Conifers stunted by harsh weather along the Louisbourg Lighthouse Trail

Ancient Acadian Forest cloaks the slopes right down to the shore along the trail from Louisbourg Lighthouse to Big Lorraine on Cape Breton Island. This unique forest is one of six identified for protection by the World Wildlife Fund because, here, the northern boreal forest blends with the southern hardwood forest to create a diverse habitat supporting a wide range of plant and animal life. The forest is mostly home to balsam fir with some black spruce and tamarack. Many of the trees are stunted and twisted from exposure to severe weather conditions, salt spray and poor soil in this coastal stretch. The bare sun-bleached branches on stands of dead trees are frequently covered with thick layers of pale branching lichens.

Amongst the trees are wetland areas of bog with shallow pools of open water which transition to fen with thick mats of sphagnum mosses, ground juniper, cotton grass, crowberry, and carnivorous pitcher plants. Despite the beautiful blue skies it was a particularly late and cold spring at the time of my visit (2 June 2016) and flowers were scarce but rare alpine species are known to occur in this location.

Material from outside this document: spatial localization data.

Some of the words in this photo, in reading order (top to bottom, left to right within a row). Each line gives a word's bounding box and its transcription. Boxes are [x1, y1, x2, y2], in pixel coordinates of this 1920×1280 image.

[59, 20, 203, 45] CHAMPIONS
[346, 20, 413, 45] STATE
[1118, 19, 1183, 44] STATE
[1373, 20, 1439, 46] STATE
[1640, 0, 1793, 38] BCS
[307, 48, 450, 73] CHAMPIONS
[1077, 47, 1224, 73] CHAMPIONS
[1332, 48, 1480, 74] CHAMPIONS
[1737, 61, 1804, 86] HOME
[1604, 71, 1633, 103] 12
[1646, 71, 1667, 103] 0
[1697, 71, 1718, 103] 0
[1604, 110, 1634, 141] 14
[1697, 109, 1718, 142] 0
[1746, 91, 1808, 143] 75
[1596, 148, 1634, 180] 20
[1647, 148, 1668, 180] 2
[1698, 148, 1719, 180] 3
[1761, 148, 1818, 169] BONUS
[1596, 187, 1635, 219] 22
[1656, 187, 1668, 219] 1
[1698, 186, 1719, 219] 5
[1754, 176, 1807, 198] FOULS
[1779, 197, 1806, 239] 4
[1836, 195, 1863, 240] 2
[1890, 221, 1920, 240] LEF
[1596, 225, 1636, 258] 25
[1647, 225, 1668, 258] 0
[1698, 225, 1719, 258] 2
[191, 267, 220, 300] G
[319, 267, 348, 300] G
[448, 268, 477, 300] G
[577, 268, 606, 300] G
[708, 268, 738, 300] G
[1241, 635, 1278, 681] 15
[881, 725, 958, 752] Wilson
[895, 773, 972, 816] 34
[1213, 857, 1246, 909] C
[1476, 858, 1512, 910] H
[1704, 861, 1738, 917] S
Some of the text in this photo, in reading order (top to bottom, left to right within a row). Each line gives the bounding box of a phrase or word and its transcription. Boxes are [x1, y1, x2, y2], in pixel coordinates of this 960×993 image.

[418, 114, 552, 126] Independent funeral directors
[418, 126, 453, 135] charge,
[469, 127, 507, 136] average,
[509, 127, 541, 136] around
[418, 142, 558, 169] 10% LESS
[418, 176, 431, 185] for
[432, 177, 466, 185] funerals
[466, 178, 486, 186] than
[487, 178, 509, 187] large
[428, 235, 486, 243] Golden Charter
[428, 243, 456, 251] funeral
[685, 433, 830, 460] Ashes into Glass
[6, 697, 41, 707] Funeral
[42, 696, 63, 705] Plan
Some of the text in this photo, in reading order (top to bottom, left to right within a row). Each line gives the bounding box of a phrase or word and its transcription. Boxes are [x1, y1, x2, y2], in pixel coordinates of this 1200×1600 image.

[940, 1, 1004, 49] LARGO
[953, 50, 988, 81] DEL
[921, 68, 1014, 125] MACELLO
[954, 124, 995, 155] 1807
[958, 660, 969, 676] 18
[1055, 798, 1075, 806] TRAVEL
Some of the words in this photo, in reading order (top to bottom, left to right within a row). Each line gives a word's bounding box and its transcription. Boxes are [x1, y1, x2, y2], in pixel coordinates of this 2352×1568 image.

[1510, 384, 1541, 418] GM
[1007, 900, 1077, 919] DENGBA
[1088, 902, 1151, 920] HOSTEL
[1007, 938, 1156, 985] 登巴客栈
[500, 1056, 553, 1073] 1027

The forest, bogs, and fens sit on top of very old rocks responsible for the spectacular scenery along the coast beside the trail. All are derived from extensive volcanic activity in Precambrian (Neoproterozoic) times and belong to the Main-à-Dieu sequence. They include layered volcanic ash in the form of tuff, and varying kinds of conglomerates and breccias from pyroclastic flows down the sides of an arcing series of volcanoes where two land masses collided.

We stayed at the most excellent Louisbourg Harbour Inn while we explored this part of Cape Breton Island.

7 Replies to “A Walk to Morning Star Cove”

  1. It is a very scenic trail that has only relatively recently been constructed. The first couple of kilometres have a good footpath or boardwalk as far as Gun Landing Cove, with plans to make the way to Big Lorraine more accessible for all in the near future.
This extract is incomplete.